2 Remove Virus

L’Ucraina identifica un presunto operatore di infostealer collegato a 28.000 account compromessi.

La polizia informatica ucraina ha identificato un sospettato diciottenne accusato di aver gestito una campagna di malware di infostealer legata al furto di circa 28.000 account online e centinaia di migliaia di dollari in transazioni fraudolente.

 

 

Secondo le autorità ucraine, il sospetto, con base a Odessa, avrebbe usato malware infostealer per compromettere account clienti collegati a un rivenditore online in California. Gli investigatori hanno detto che l’operazione ha permesso ai cybercriminali di ottenere accesso non autorizzato a migliaia di account utenti, molti dei quali sono stati successivamente abusati per acquisti fraudolenti e furti finanziari.

Le forze dell’ordine hanno dichiarato che gli attacchi hanno portato ad acquisti non autorizzati su circa 5.800 conti compromessi, generando circa 721.000 dollari di transazioni fraudolente. I funzionari hanno inoltre riportato perdite finanziarie dirette di circa 250.000 dollari relative a chargeback e costi di frode associati.

L’indagine è stata condotta congiuntamente dalla polizia informatica ucraina e dalle autorità di polizia statunitensi. Durante le perquisizioni collegate al sospetto, gli investigatori avrebbero sequestrato apparecchiature informatiche, dispositivi mobili, carte bancarie e prove digitali collegate all’operazione malware.
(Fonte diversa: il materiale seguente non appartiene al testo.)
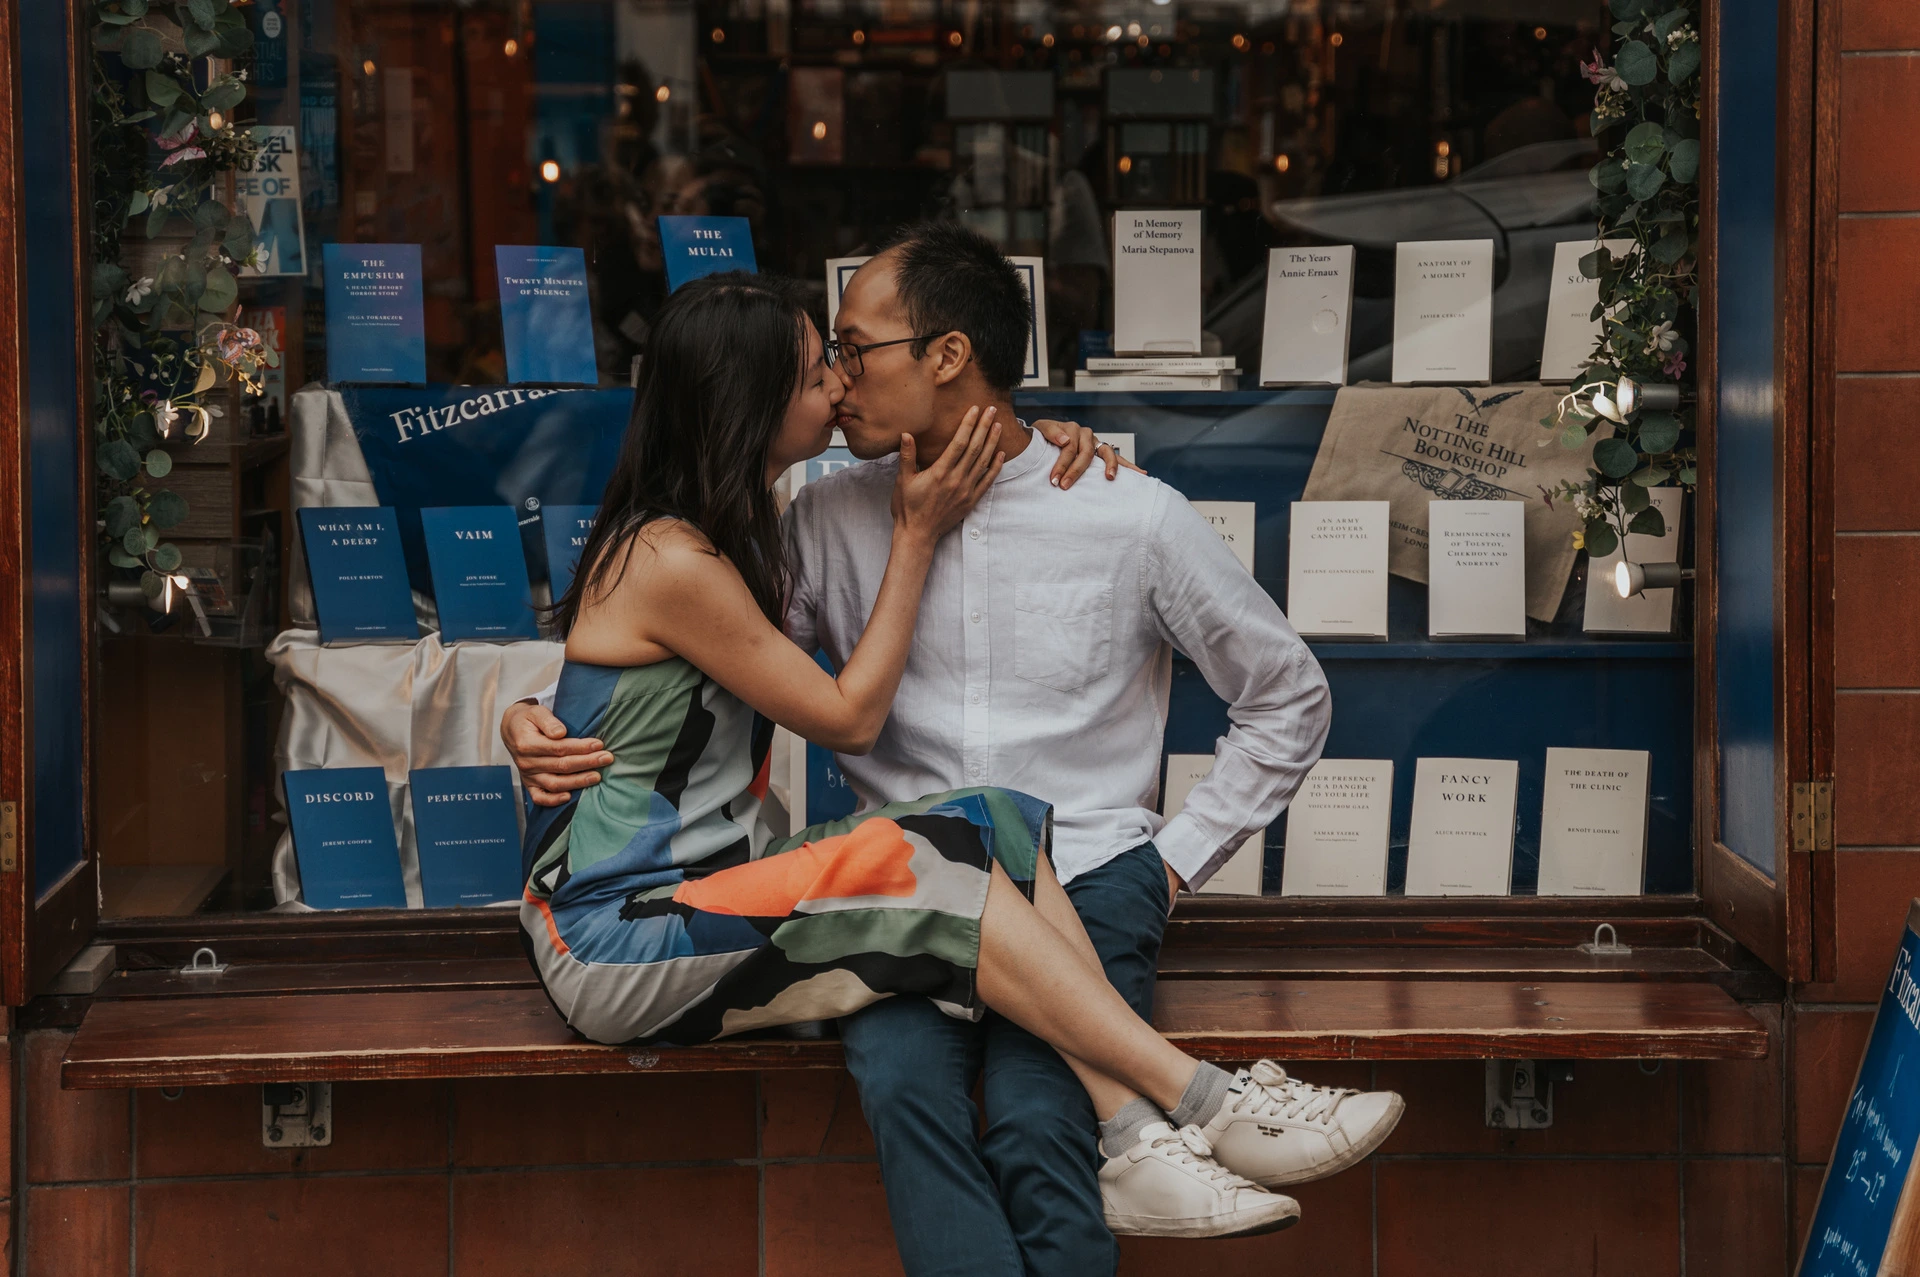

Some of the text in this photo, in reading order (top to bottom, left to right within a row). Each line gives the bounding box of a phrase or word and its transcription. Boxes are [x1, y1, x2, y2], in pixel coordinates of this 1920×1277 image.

[262, 177, 290, 196] OF
[1134, 219, 1183, 229] In Memory
[693, 230, 722, 239] THE
[1133, 230, 1183, 240] of Memory
[1122, 245, 1195, 256] Maria Stepanova
[362, 259, 385, 267] THE
[1289, 254, 1331, 263] The Years
[343, 272, 405, 280] EMPUSIUM
[1280, 268, 1339, 278] Annie Ernaux
[1455, 413, 1490, 438] THE
[1402, 416, 1528, 469] NOTTING HILL
[1413, 438, 1507, 479] BOOKSHOP
[455, 530, 493, 540] VAIM
[342, 538, 377, 546] DEER?
[1404, 537, 1429, 550] LOND
[1441, 774, 1491, 784] FANCY
[1585, 770, 1614, 778] DEATH
[305, 792, 374, 804] DISCORD
[427, 792, 502, 803] PERFECTION
[1442, 793, 1487, 803] WORK
Le autorità hanno dichiarato che l’aggressore ha utilizzato un malware infostealer per infettare segretamente i dispositivi delle vittime e raccogliere credenziali di accesso, dati di autenticazione e altre informazioni sensibili. I dati rubati venivano poi trasmessi all’infrastruttura controllata dagli attaccanti e successivamente utilizzati per accedere agli account clienti senza autorizzazione.

Gli infostealer rimangono una delle forme più diffuse di malware per il cybercrimine grazie alla loro capacità di raccogliere silenziosamente credenziali, cookie del browser, informazioni finanziarie, dati di portafoglio di criptovalute e token di autenticazione da sistemi contaminati. I ricercatori di sicurezza avvertono che le credenziali rubate ottenute tramite infezioni da infostealer vengono spesso vendute su forum clandestini di cybercrimini o riutilizzate in operazioni più ampie di frodi, ransomware e phishing.
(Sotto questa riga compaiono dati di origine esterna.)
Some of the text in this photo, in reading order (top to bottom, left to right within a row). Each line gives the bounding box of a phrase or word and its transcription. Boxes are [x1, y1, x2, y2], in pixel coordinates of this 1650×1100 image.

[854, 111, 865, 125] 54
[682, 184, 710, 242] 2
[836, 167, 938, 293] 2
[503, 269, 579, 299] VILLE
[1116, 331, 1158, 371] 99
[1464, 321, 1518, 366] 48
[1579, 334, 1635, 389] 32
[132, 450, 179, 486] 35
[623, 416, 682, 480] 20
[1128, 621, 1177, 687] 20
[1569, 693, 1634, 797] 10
I gruppi criminali informatici distribuiscono sempre più infostealers tramite email di phishing, estensioni di browser dannose, software pirata, installatori di software falsi, applicazioni crack e siti web compromessi. Molte moderne operazioni di infostealer funzionano anche secondo modelli di malware-as-a-service, permettendo ad attaccanti meno tecnicamente esperti di noleggiare infrastrutture malware e servizi di credenziali rubate.